泊亜留美もアニメでは一度だけしか登場せず、どんなキャラクターなのかわかりにくい。泊亜留美は地丹の後輩で、地丹が片思いをしてストーカーし続けていた相手である。『かってに改蔵』はキャラクターが年を取らない設定の漫画だが、泊亜留美だけは順調に年を取る設定で、初登場時は中学生、次に高校1年生になり、間もなく改蔵たちと同じ高校2年生に、最後には高校3年生になり改蔵たちより上級生になった。アニメ版に登場する泊亜留美は、すでに改蔵たちより一つ上の学年になっている設定である。
最後に、下巻に入り、またしても中巻とは違うキャラクターの描き方が試みられている。ちょっと見て明らかに違うのは瞳の描き方だ。中巻では瞳孔の黒を中心に置き、周辺に向かって何重かのグラデーションを作る方法で描かれている。下巻では、瞳孔の黒を中心に置き、中心地点より上をBLブラック、下部分のみに明るい色が使われるようになった。
原作を改めて確かめると、愛蔵版第11巻第19話でようやくこの描き方で定着したようだ。その以前のエピソードでもこの瞳の描かれ方は何度も試みられているが、移行期間と見られるエピソードがしばらく続いている。最初に瞳の描かれ方が変わったのは、おそらく愛蔵版第11巻第12話182ページ1コマ目の改蔵のクローズアップショットだろう。その後、徐々に瞳の描かれ方は新しいやり方に変わって行き、第19話で完全に以降完了したようだ。

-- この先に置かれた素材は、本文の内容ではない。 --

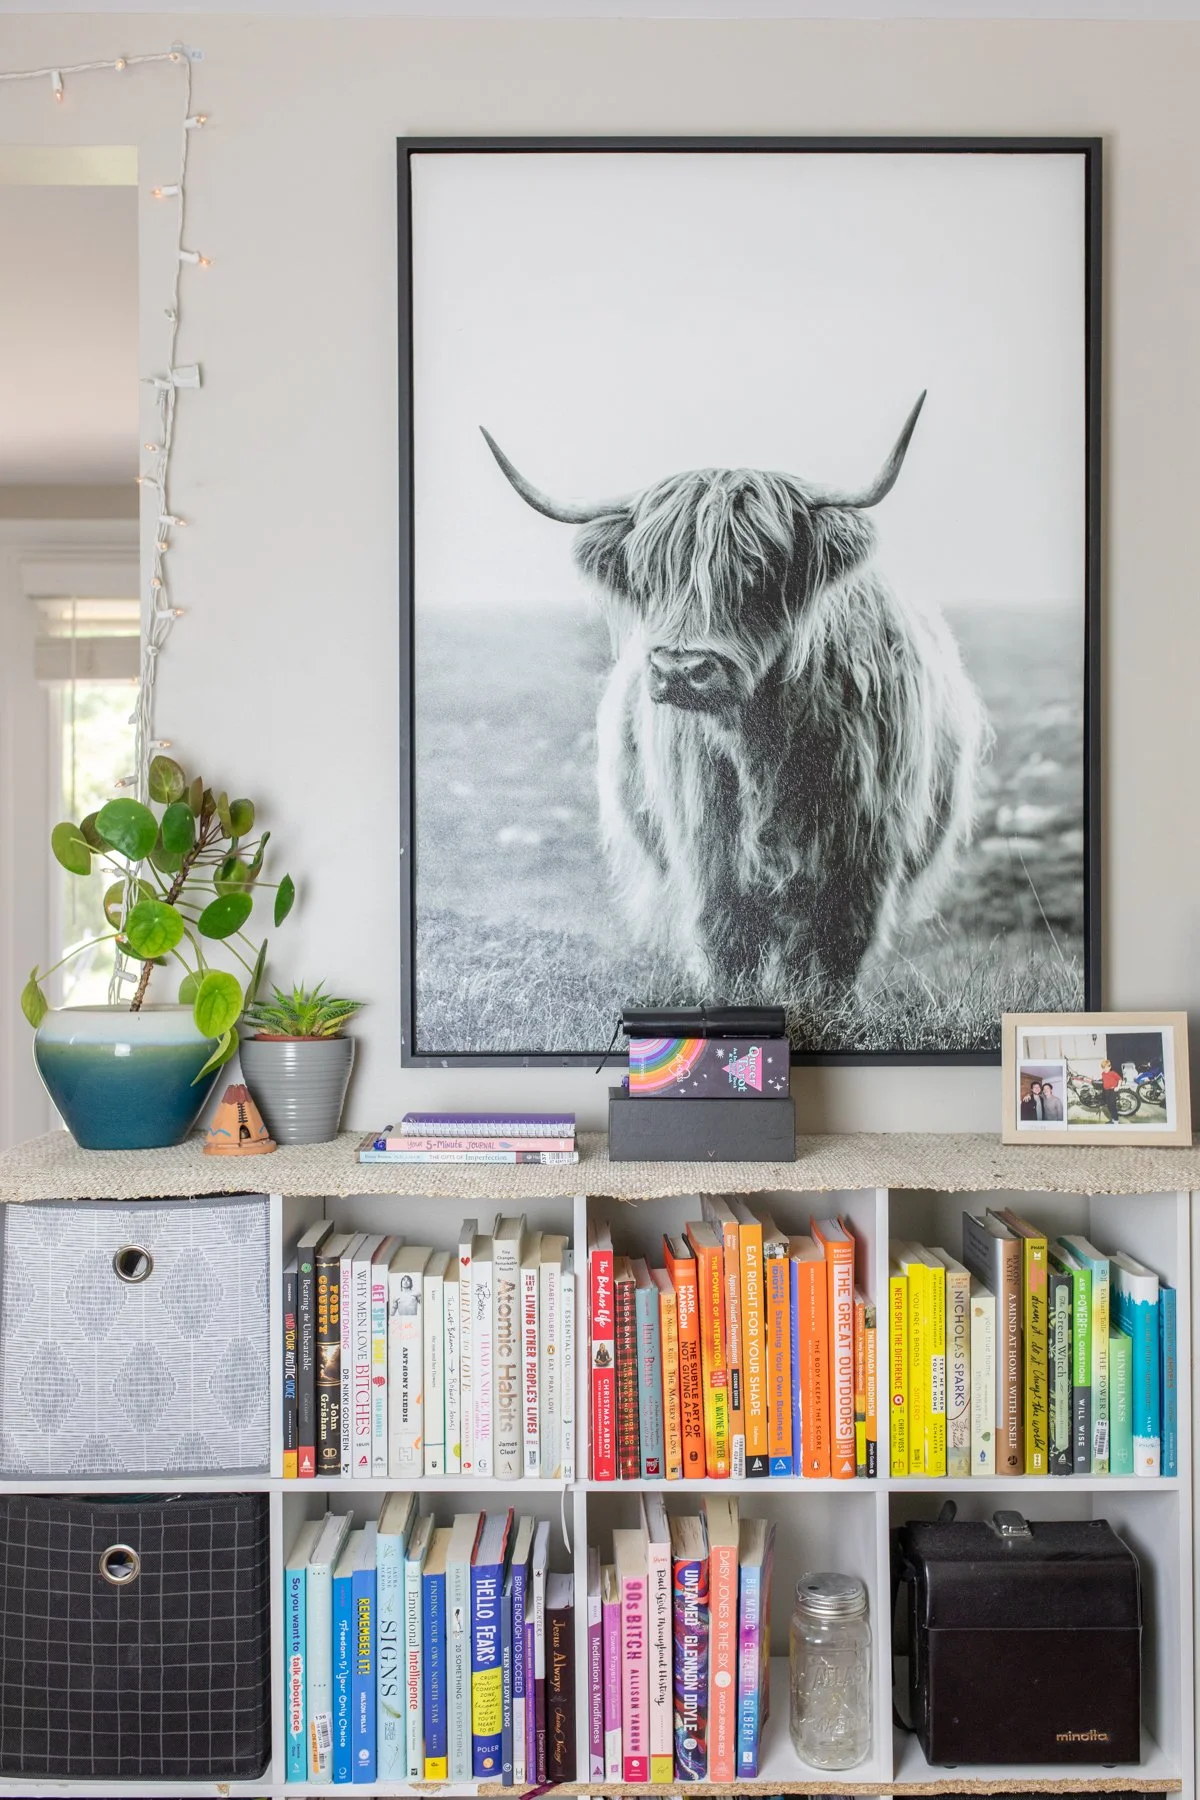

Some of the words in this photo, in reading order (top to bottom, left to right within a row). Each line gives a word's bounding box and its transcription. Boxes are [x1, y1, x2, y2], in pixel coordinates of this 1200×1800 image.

[737, 1058, 748, 1092] Tarot
[748, 1046, 759, 1085] Queer
[466, 1142, 496, 1150] JOURNAL
[600, 1260, 608, 1274] The
[746, 1246, 756, 1267] EAT
[342, 1270, 350, 1299] SINGLE
[358, 1270, 367, 1299] WHY
[597, 1275, 610, 1309] Badass
[712, 1271, 720, 1300] POWER
[748, 1271, 758, 1308] RIGHT
[838, 1268, 850, 1297] THE
[1009, 1293, 1016, 1301] A
[318, 1276, 328, 1335] COUNTY
[330, 1285, 339, 1324] FORD
[342, 1302, 350, 1319] BUT
[526, 1294, 535, 1325] LIVING
[679, 1285, 688, 1328] MANSON
[687, 1285, 695, 1313] MARK
[714, 1304, 719, 1317] OF
[1032, 1296, 1044, 1323] dream
[358, 1302, 367, 1327] MEN
[498, 1279, 516, 1357] Atomic
[594, 1309, 612, 1328] Life
[748, 1312, 758, 1335] FOR
[774, 1310, 783, 1348] Starting
[838, 1302, 851, 1350] GREAT
[954, 1291, 964, 1358] NICHOLAS
[1076, 1294, 1088, 1338] POWERFUL
[342, 1322, 350, 1349] DATING
[358, 1330, 368, 1360] LOVE
[526, 1328, 536, 1358] OTHER
[714, 1319, 722, 1366] INTENTION
[1009, 1334, 1016, 1347] AT
[1032, 1342, 1043, 1355] do
[750, 1339, 759, 1373] YOUR
[776, 1352, 784, 1372] Your
[1078, 1341, 1086, 1384] QUESTIONS
[342, 1369, 350, 1381] DR.
[526, 1362, 537, 1403] PEOPLE'S
[668, 1370, 676, 1384] THE
[691, 1362, 700, 1399] SUBTLE
[776, 1376, 784, 1398] Own
[954, 1363, 964, 1407] SPARKS
[1118, 1351, 1126, 1422] MINDFULNESS
[342, 1384, 350, 1406] NIKKI
[356, 1364, 370, 1435] BITCHES
[498, 1364, 518, 1432] Habits
[715, 1392, 724, 1404] DR.
[750, 1376, 760, 1416] SHAPE
[840, 1356, 852, 1436] OUTDOORS
[1032, 1402, 1044, 1417] the
[320, 1394, 330, 1440] Grisham
[331, 1403, 339, 1431] John
[342, 1407, 350, 1450] GOLDSTEIN
[527, 1407, 537, 1434] LIVES
[670, 1422, 676, 1432] OF
[694, 1424, 700, 1438] OF
[716, 1406, 724, 1429] WAYNE
[717, 1430, 725, 1438] W.
[717, 1440, 726, 1459] DYER
[719, 1551, 730, 1580] DAISY
[292, 1578, 300, 1591] So
[626, 1582, 642, 1609] 90s
[684, 1570, 699, 1626] UNTAMED
[746, 1578, 756, 1595] BIG
[290, 1593, 299, 1612] you
[476, 1579, 496, 1621] HELLO,
[719, 1582, 729, 1618] JONES
[745, 1600, 756, 1630] MAGIC
[358, 1598, 370, 1656] REMEMBER
[408, 1592, 419, 1647] Emotional
[553, 1620, 566, 1648] Jesus
[719, 1620, 728, 1630] &
[293, 1641, 300, 1652] to
[476, 1625, 496, 1662] FEARS
[516, 1640, 522, 1652] TO
[626, 1614, 642, 1660] BITCH
[718, 1632, 728, 1650] THE
[294, 1657, 302, 1675] talk
[357, 1660, 370, 1675] IT!
[380, 1620, 398, 1697] SIGNS
[550, 1651, 566, 1692] Always
[592, 1638, 600, 1682] Meditation
[684, 1636, 698, 1690] GLENNON
[718, 1653, 728, 1668] SIX
[744, 1642, 755, 1696] ELIZABETH
[294, 1678, 302, 1708] about
[408, 1650, 420, 1710] Intelligence
[630, 1669, 640, 1709] ALLISON
[594, 1693, 602, 1744] Mindfulness
[684, 1694, 698, 1732] DOYLE
[744, 1700, 754, 1742] GILBERT
[631, 1714, 640, 1752] YARROW
[1056, 1730, 1109, 1742] minolta

ざっくりとした説明だが、『かってに改蔵 下巻』はこれだけの解説を前に置かないとわかりづらい作品である、と了解したほうが良いだろう。
かってに改蔵 3巻 (15)モブキャラとして出演し続けた新谷良子。『かってに改蔵 下巻』に入り、ついに名前のある役名を獲得したようだ。改蔵のクラスメイトである「しえちゃん」がそれだ。しえちゃんは原作初期から一応登場していたが、いつの間にか名前が与えられ、独立していたキャラクターに成長した。作品と同じように、新谷良子もそれなりの場所に着地したようである。

第5話 バックトゥザTORAUMA
Aパート・イノセントワールド (愛蔵版第10巻第19話より/冒頭シーン愛蔵版第6巻第8話より)

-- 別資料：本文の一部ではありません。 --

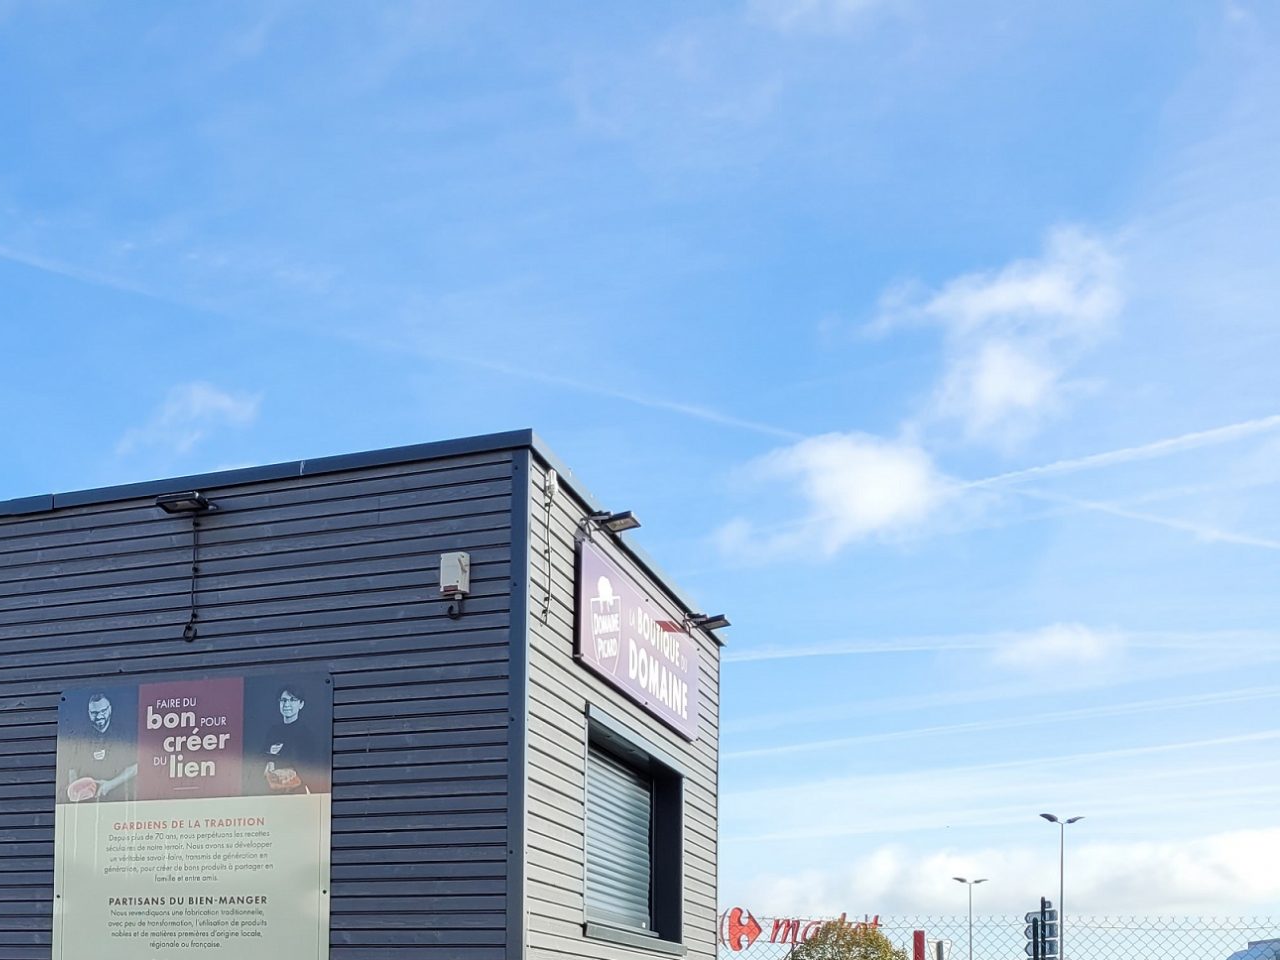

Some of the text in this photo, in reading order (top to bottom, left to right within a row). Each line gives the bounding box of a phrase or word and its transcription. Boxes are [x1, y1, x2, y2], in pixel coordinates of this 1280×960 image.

[594, 612, 619, 635] DOMAINE
[629, 607, 636, 627] LA
[638, 607, 680, 665] BOUTIQUE
[598, 637, 617, 659] PICARD
[628, 638, 688, 720] DOMAINE
[156, 698, 197, 708] FAIRE DU
[147, 706, 226, 730] bon POUR
[163, 727, 230, 752] créer
[154, 755, 215, 778] DU lien
[113, 818, 265, 831] GARDIENS DE LA TRADITION
[131, 833, 144, 842] plus
[197, 831, 233, 841] perpétuons
[186, 842, 203, 850] Nous
[234, 841, 272, 850] développer
[223, 852, 258, 862] génération
[174, 864, 182, 872] de
[201, 863, 227, 873] produits
[235, 863, 263, 872] partager
[109, 896, 267, 906] PARTISANS DU BIEN-MANGER
[147, 920, 194, 928] transformation,
[241, 920, 267, 928] produits
[111, 930, 132, 938] nobles
[141, 930, 149, 938] de
[150, 930, 176, 938] matières
[210, 930, 239, 939] d'origine
[191, 941, 222, 949] française.

かってに改蔵 3巻 (5)名取羽美は自転車を押して歩きながら、街の建物を見ていた。ふと商店街の一角が切り崩され、鉄骨むき出しの構造物が組み立てられているのが目に付いた。安全第一のプレートが掲げられ、高い防壁に囲まれ、いま建設の真っ最中といった様子だ。
「再開発か……」
ぼんやりと黄昏れるように言葉を漏らす。
「どうかしたの」
一緒に歩いていた彩園すずが尋ねる。
「昔ここらへん古い商店街があって、私たちの遊び場だったんです」
――それは昭和30年代頃の話。戦後の闇市を辛うじて抜け出せた商店街は、その時代ではそこそこの治安を維持し、人が多く行き交う活気に満ちた場所になっていた。ショウウインドウには新しい時代を象徴するようなテレビや洗濯機といった商品が並び始め、それが大量消費時代の幕開けを予感させていた……。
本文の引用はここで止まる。